*** Data ***
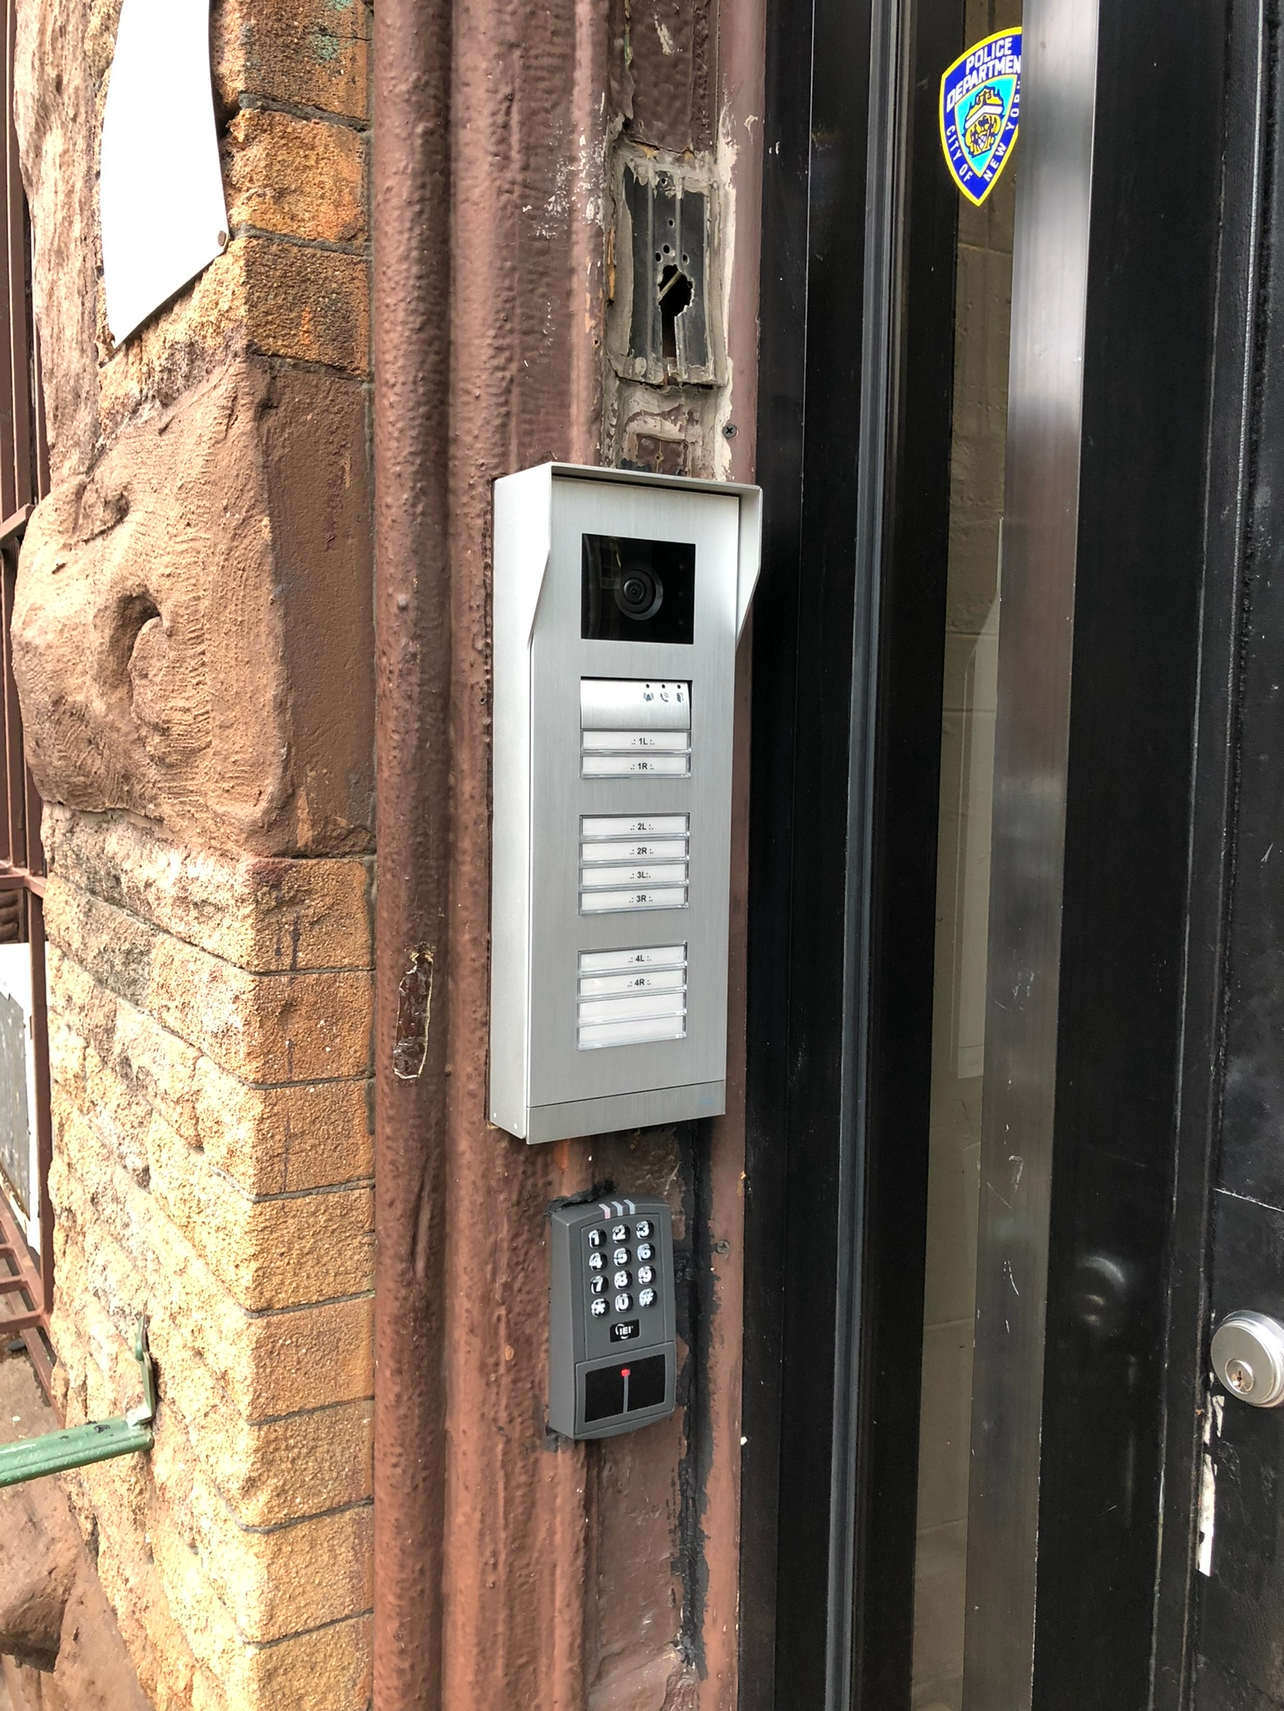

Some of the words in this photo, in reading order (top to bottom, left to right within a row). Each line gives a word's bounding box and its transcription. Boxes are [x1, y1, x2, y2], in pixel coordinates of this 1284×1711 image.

[946, 55, 1021, 113] DEPARTMEN
[966, 37, 1012, 75] POLICE
[946, 125, 962, 161] CITY
[959, 163, 973, 181] OF
[983, 142, 1006, 182] NEW
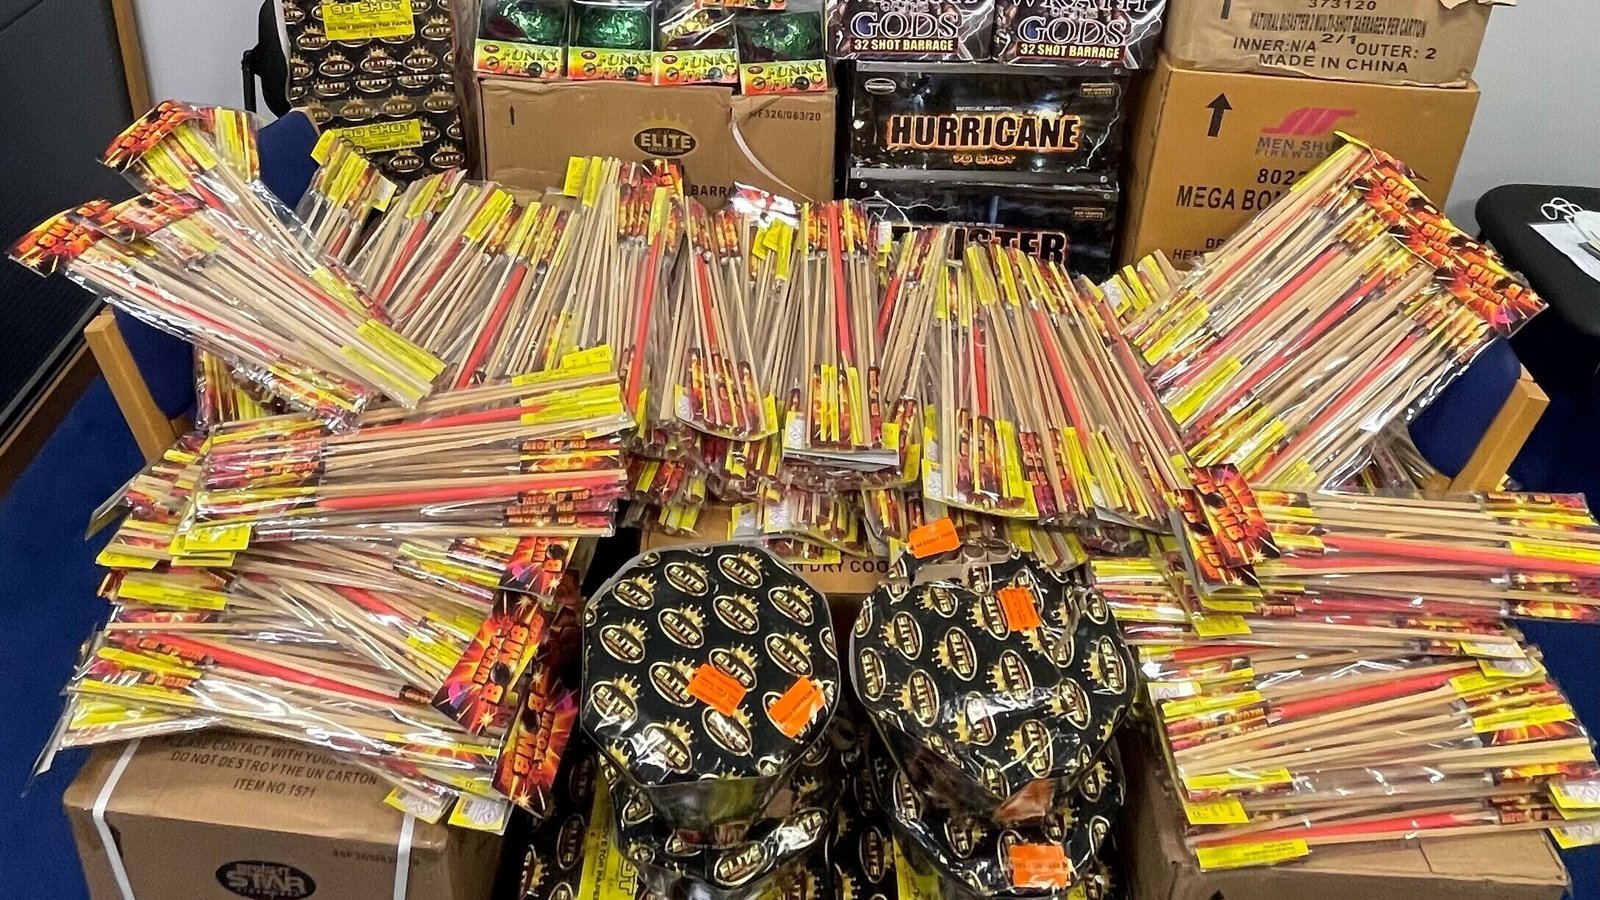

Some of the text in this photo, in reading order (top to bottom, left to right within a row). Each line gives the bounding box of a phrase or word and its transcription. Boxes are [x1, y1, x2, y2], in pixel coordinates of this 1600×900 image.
*** End of Data ***
• **To do**: Your reply should consist of the data, transcribed exactly, and should hold no pictures.

• **Written answer**:
Some of the words in this photo, in reading order (top to bottom, left to right within a row). Each line gives a word's bounding box and its transcription. Boxes are [x1, y1, x2, y2], in pixel coordinates of this 1284×1711 image.

[946, 55, 1021, 113] DEPARTMEN
[966, 37, 1012, 75] POLICE
[946, 125, 962, 161] CITY
[959, 163, 973, 181] OF
[983, 142, 1006, 182] NEW

Some of the text in this photo, in reading order (top to bottom, left to right within a row). Each line gives the bounding box of a phrase or word and its transcription. Boxes are [x1, y1, x2, y2], in pixel coordinates of this 1600×900 image.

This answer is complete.